Trucking accidents are, unfortunately, all too common in Arizona. According to the Arizona Department of Transportation, there were over 13,400 crashes involving large trucks in the state in 2021, resulting in 20 deaths and 1,306 injuries. Accidents like these can have devastating consequences for those involved, and navigating the legal system can be overwhelming for victims and their families.
This article aims to provide useful information for people involved in a trucking accident in Arizona. Whether you are an injured victim seeking damages or a potential plaintiff filing a lawsuit, understanding the state's trucking accident laws is crucial to protecting your rights and securing the compensation you deserve.
Arizona Trucking Speed Limitations
According to Section 28-709 of Arizona law, the maximum speed limit for large vehicles weighing over 26,000 pounds — such as commercial trucks — is 65 mph. There are also instances where higher speed limits are allowed, as posted on road signs.

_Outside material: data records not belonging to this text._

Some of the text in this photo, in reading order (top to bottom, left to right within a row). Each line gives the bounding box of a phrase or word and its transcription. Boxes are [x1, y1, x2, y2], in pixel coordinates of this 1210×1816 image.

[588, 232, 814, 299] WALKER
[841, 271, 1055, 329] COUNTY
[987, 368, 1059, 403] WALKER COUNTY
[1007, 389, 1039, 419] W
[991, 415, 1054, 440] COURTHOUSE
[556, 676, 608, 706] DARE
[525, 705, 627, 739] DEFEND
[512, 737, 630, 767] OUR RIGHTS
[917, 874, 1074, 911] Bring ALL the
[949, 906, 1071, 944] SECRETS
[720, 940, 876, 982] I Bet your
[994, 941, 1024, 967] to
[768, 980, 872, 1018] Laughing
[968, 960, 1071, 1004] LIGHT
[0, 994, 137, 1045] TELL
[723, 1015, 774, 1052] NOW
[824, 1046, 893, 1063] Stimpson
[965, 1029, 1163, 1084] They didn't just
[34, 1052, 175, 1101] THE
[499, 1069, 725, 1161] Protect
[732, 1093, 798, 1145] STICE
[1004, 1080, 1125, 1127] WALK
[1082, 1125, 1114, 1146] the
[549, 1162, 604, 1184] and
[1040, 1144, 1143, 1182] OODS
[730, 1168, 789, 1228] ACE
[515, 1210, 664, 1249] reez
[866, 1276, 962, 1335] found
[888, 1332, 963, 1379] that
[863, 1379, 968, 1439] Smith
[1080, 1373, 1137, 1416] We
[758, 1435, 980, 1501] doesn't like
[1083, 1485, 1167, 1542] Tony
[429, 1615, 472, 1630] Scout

However, despite the presence of speed limits, many truck drivers still violate the law due to tight deadlines or pressure from their employers to deliver goods quickly. Reasons like these increase the risk of devastating incidents on local roadways. Hence, it would be prudent to file a report with the Arizona Department of Public Safety or the local police department if you witness a truck driver violating the speed limit or having caused a speeding-related accident.
Additionally, if you are a trucking accident victim, it is important to be aware of this law, as it can be used to establish negligence on the part of the driver or trucking company. If a driver is found to have violated the speed limit at the time of an accident, they may be held liable and made to pay for any resulting damages.

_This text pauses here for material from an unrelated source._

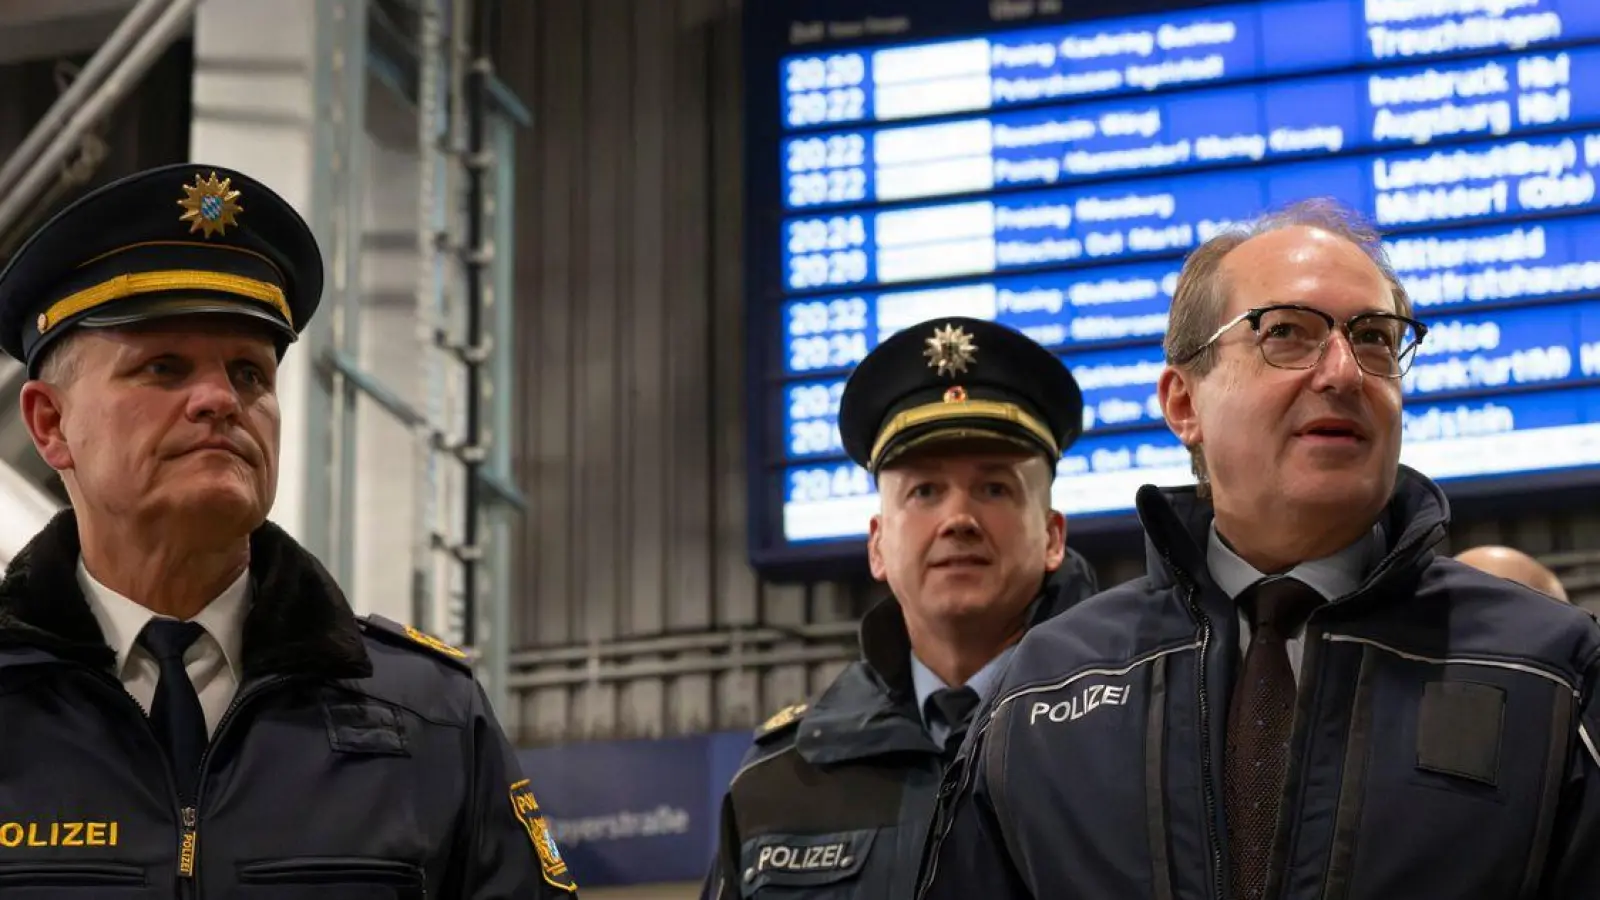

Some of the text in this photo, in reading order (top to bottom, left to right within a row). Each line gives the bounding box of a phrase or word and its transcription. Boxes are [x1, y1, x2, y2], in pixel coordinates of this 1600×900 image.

[1029, 684, 1131, 726] POLIZEI
[180, 832, 194, 873] POLIZEI
[757, 842, 845, 871] POLIZEI
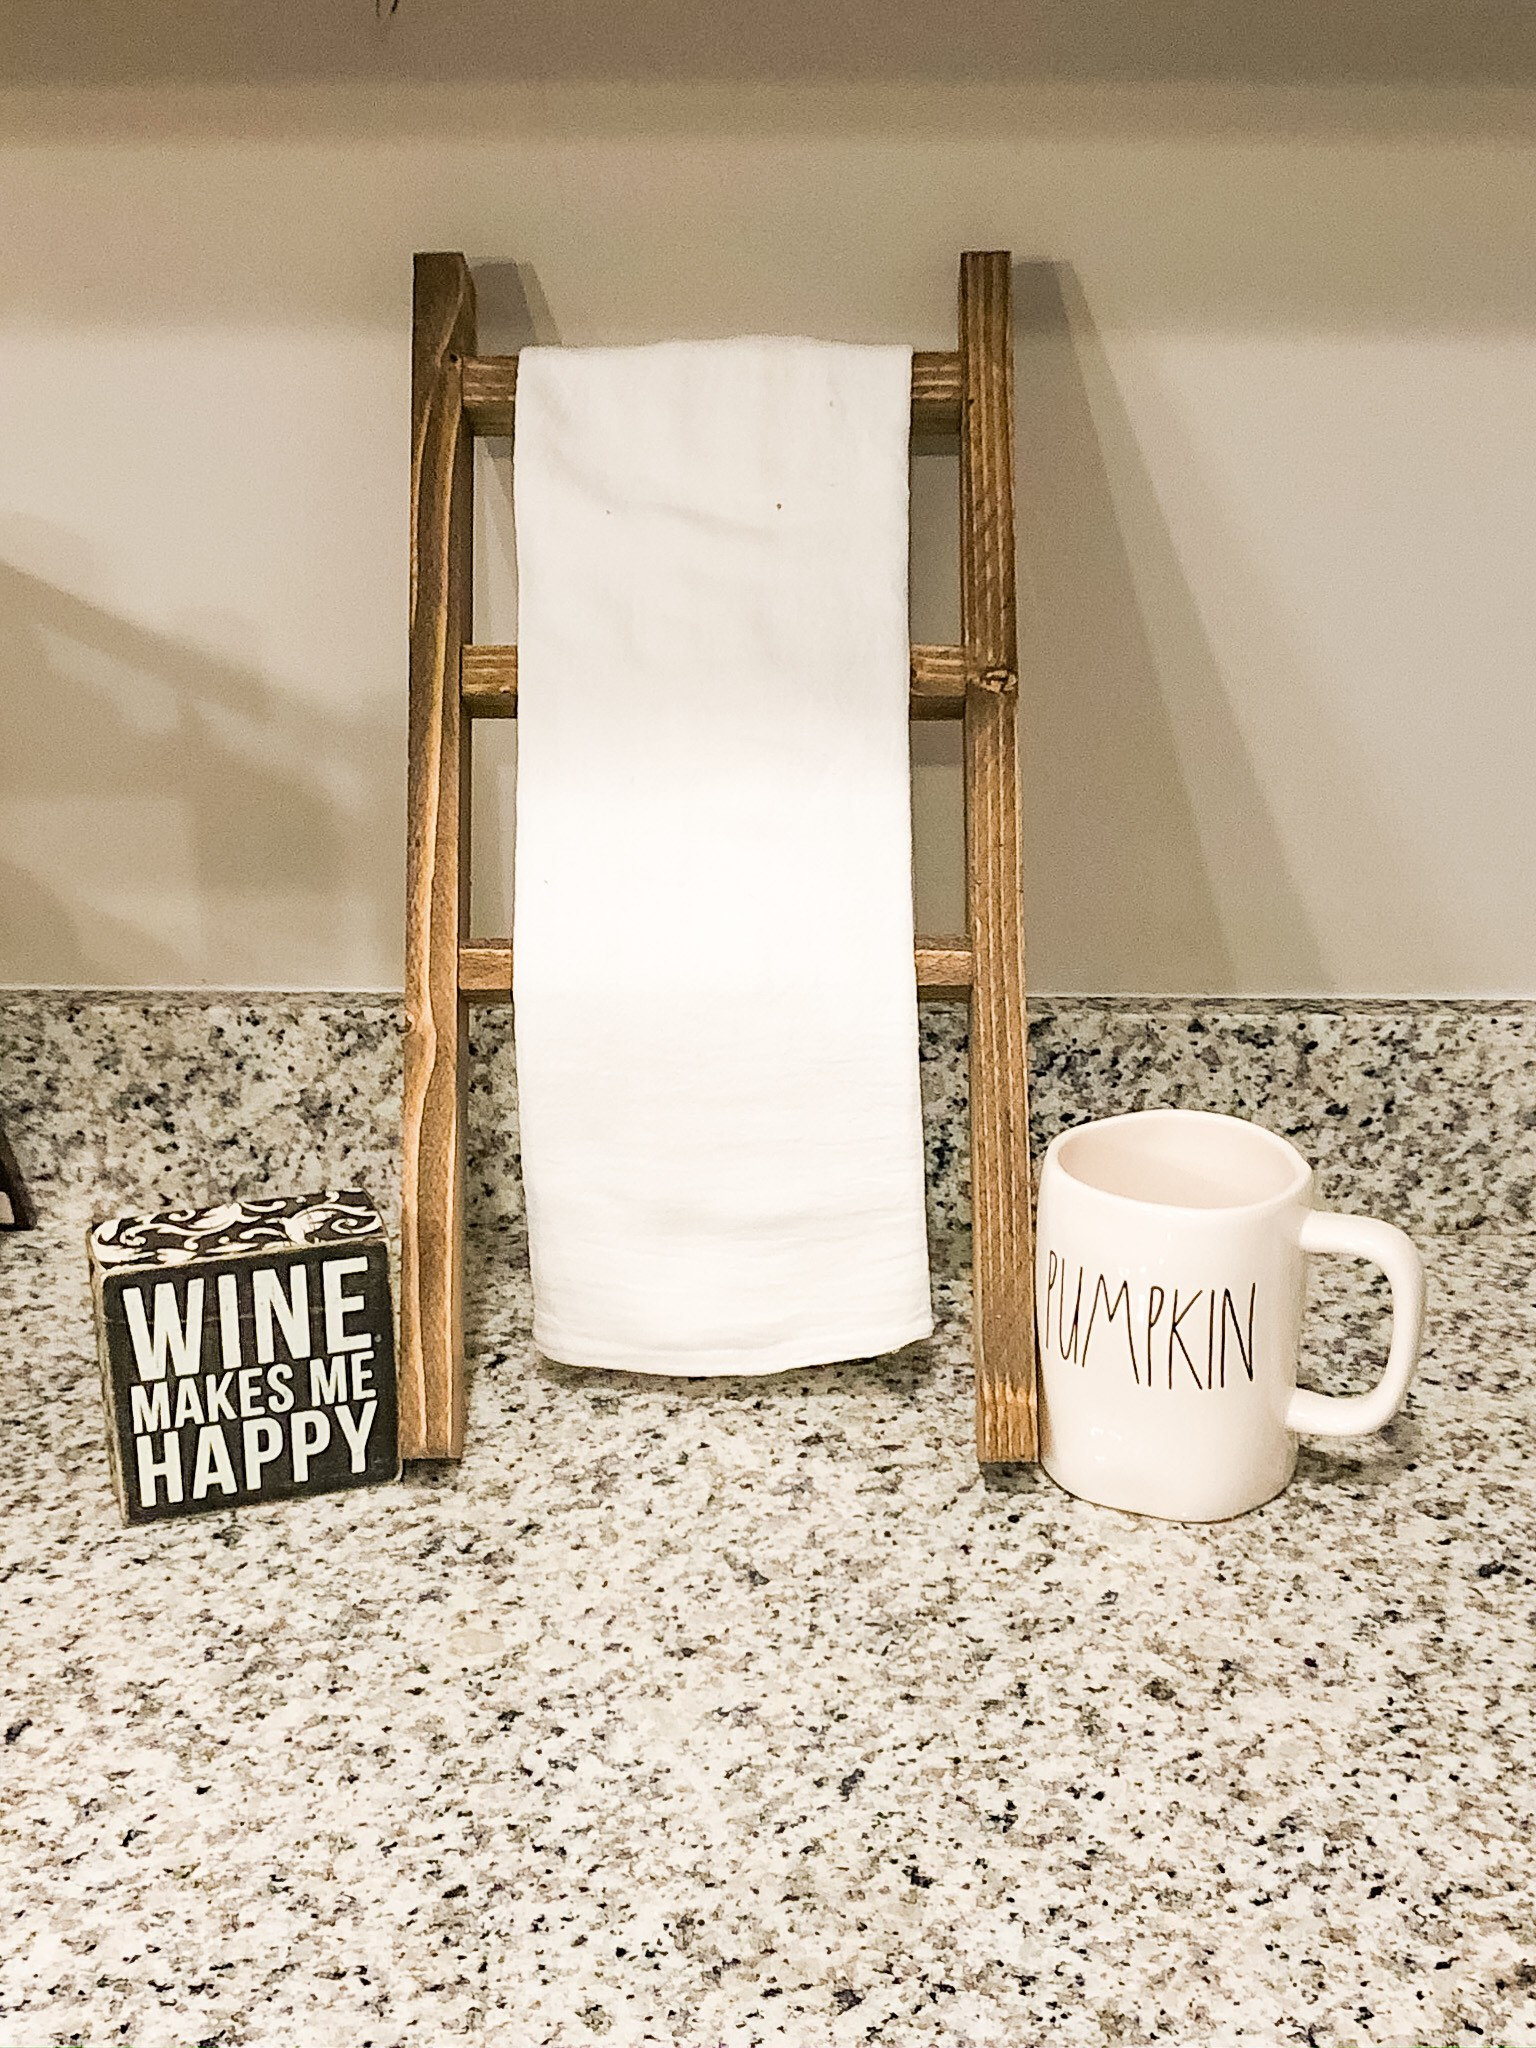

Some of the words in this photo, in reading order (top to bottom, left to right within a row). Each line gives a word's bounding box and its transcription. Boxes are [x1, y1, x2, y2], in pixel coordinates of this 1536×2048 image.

Arizona Trucking Weight Limitations
When trucks are overloaded with cargo, their trailers may sag, their tires may bulge, and it becomes difficult for drivers to maintain speed, slow down, maneuver, stop, or stay in their lane. Overloading can lead to rollovers, jackknifing, and other accidents that result in serious injuries and death. In line with this, Arizona enforces the following gross weight limits for commercial trucks under Section 28-1100 of the state’s Revised Statutes:
The weight of a truck’s cargo must not exceed 20,000 pounds, including enforcement tolerances, on one axle.
The weight of a truck’s cargo must not exceed 34,000 pounds, including enforcement tolerances, on a tandem axle.

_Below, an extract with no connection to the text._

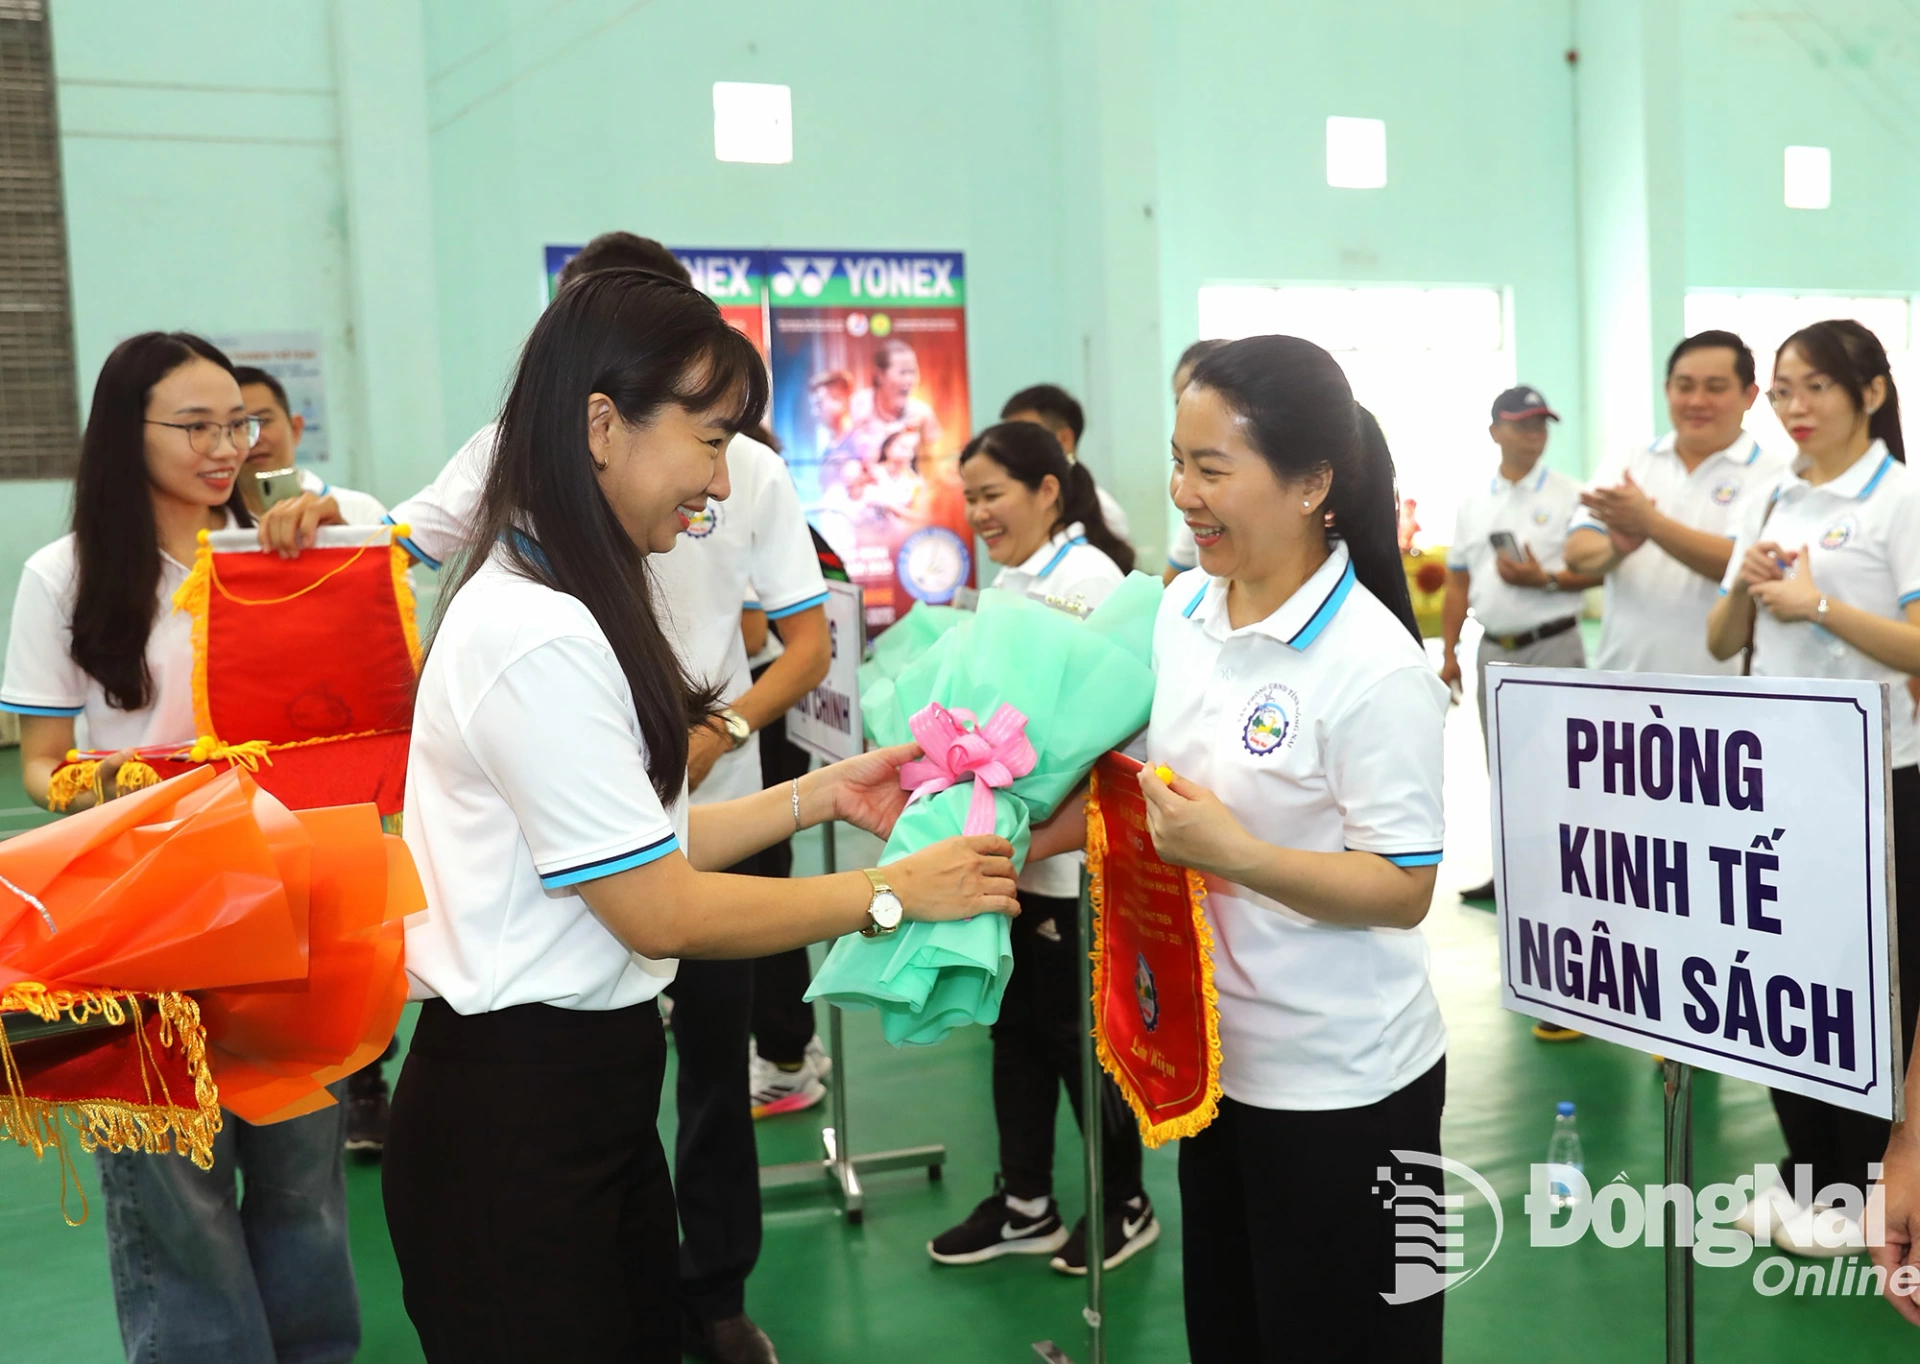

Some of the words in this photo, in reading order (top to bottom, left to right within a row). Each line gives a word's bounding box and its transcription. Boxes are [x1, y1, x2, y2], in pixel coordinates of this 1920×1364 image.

The cargo weight must not exceed 80,000 pounds on a truck with five axles or more.
These restrictions reflect the maximum weights mandated by the US Department of Transportation’s Federal Highway Administration. Trucks carrying loads over the weight limit are prohibited from operating on the state’s highways unless they have a special permit. The Arizona Department of Transportation issues these to applicants whose trucks meet the following criteria:
The overall length of the vehicle combination’s cargo-carrying unit is no longer than 95 feet.
The maximum weight borne by each axle of the combination vehicle follows the limitations set in Section 28-1100.
The overall gross weight of the vehicle combination is no more than 129,000 pounds.
The vehicle combination is only traveling on a state route or highway within 20 miles of Arizona’s borders if the adjacent state allows such overloaded vehicles.
Commercial trucking companies and drivers must comply with federal and state regulations regarding weight limits to ensure road safety. If found to violate these, offenders may face fines, license suspension, and criminal charges. They may also have to pay damages such as medical bills and lost wages if their violation results in an accident involving injuries or death.
Arizona Trucking Length Limitations
Arizona legislation enforces maximum lengths for trucks in the state. According to Section 28-1095, it is illegal for semi-truck drivers to operate trailers longer than 28 feet and 6 inches. The statute also states that no truck combination — which may include a truck tractor, trailer, and semitrailer — shall exceed a total length of 65 feet.
Despite this, many drivers operate trucks that do not abide by the rules. A driver may be cited for violating the law, especially if they have been involved in an accident while operating a truck that is longer than legally allowed or driving a truck attached to more than two trailers. This may result in fines and penalties, as well as potential liability for accidents caused by non-compliance.
Victims of trucking accidents and plaintiffs suing a truck driver or trucking company after an accident should be aware of these limitations, as they may be a factor in determining liability.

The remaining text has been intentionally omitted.